Wednesday 14 November 2012

Consumer prices and advertising

There is a question in economic theory about the effects of advertising on the prices that consumers pay. Does advertising increase or decrease consumer prices? This debate, which goes back at least to Marshall (1919), is the subject of a new column at VoxEU.org.

The debate is between two effects of advertising. Some have argued that advertising increases the amount of competition in a market, and thereby reduces prices, by providing information to consumers, such as information on prices or the existence of products. But it has also been argued that advertising changes the preferences of consumers thereby shifting demand curves outwards, increasing the monopoly power of brands or decreasing elasticities of substitution. All such effects should lead to an increase in market prices. These different effects of advertising have been called, respectively, the ‘informative’ and ‘persuasive’ effect of advertising.

At VoxEU.org Ferdinand Rauch looks at Advertising and consumer prices. He writes,
In a recent study (Rauch 2011), I use a policy change in Austria to identify this price reaction for all industries. Austria is the only country in the OECD that charges a tax on advertising, which directly affects the cost of advertising. Before 2000, when a nationwide harmonisation introduced a 5% tax rate, each region had a different rate. Thus in 2000 the advertising tax, and therefore the cost of advertising, increased in parts of the country while simultaneously decreasing in other parts [...].
and continues,
I interpret this change of policy as a natural experiment, and collect data on prices of regional products to investigate its effects. I first show that the taxation of advertising is indeed a powerful instrument to restrict advertising expenditures of firms. I also show that advertising increased consumer prices in some industries such as alcohol, tobacco and transportation, in which the persuasive effect dominates. But it also decreased consumer prices in other industries such as food. I use data from existing marketing studies which make it possible to relate different responses of market prices to characteristics of advertisements in industries. I can indeed show that those industries which exhibit the informative price include more information in their advertisements, consistent with the interpretation of informational and persuasive forces of advertising.

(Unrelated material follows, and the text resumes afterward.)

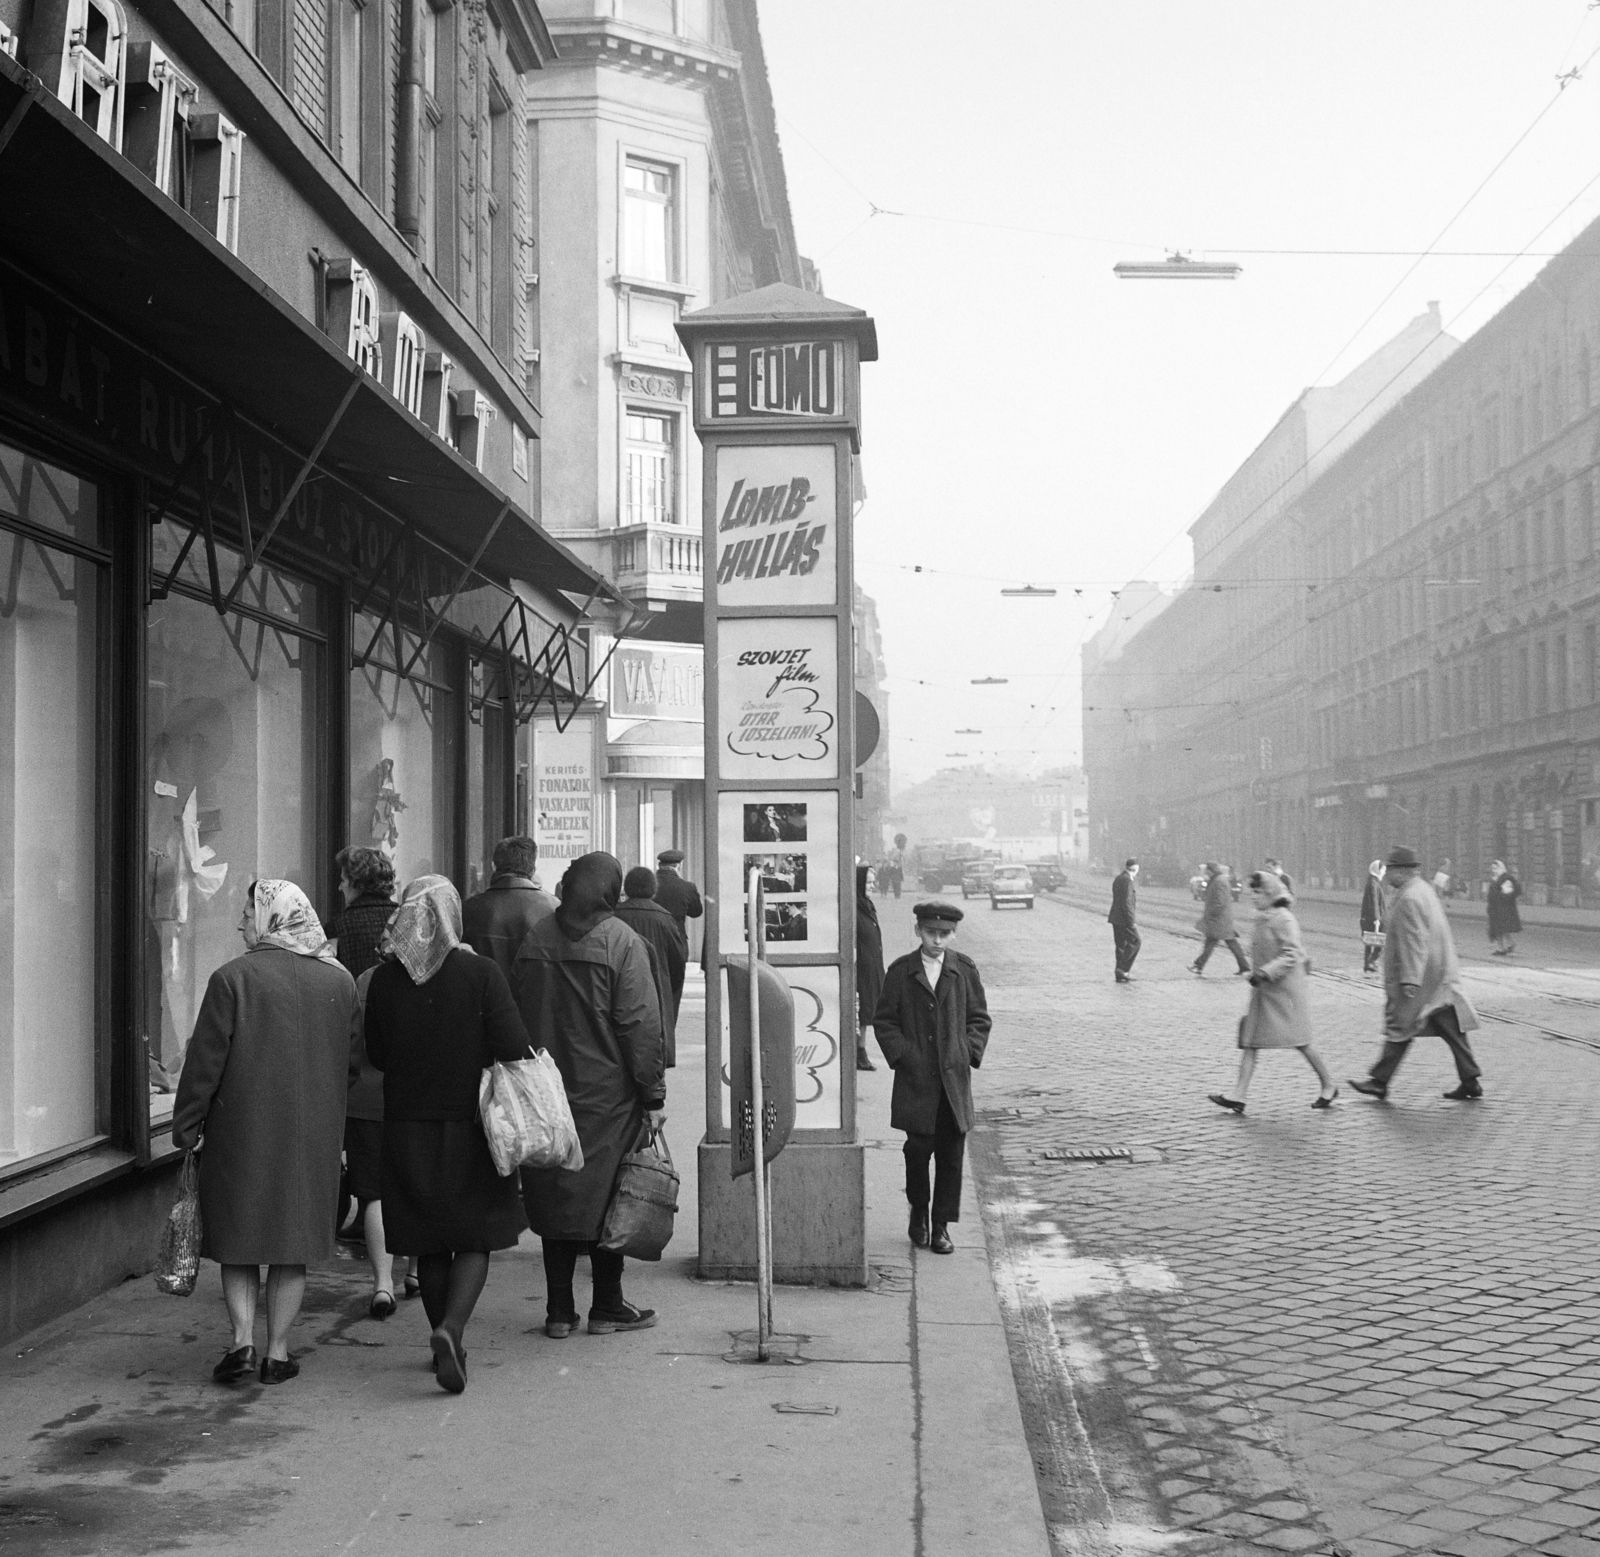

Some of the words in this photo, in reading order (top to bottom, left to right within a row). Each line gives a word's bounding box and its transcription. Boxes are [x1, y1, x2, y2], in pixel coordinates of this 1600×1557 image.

The aggregate effect is informative, which means that, on average, advertising decreases consumer prices. This suggests that the Austrian advertising tax increases consumer prices and probably affects welfare adversely. I estimate that if the current 5% tax on advertising in Austria were abolished, consumer prices would decrease by about 0.25 percentage points on average.
So on average advertising seems to be more informative than persuasive. This does raise the question that if advertising is informative, why do it? If it increases competition and lower prices its seems, from the producer's point of view, a bad thing to do. Is it a prisoner's dilemma? If I advertise and my competition doesn't I do well and my competitors suffer but if my competitors advertise and I don't, I suffer and my competitors do well. But if one of us advertises and the other doesn't it is still better for both of us than having both of us not advertising. In such a world we both advertise and make both of us worse off.

References:
  • Rauch, Ferdinand, ‘Advertising Expenditure and Consumer Prices’, CEP Discussion Paper 1073, 2011.
  • Marshall, Alfred, Industry and Trade, Macmillan Publishing, 1919.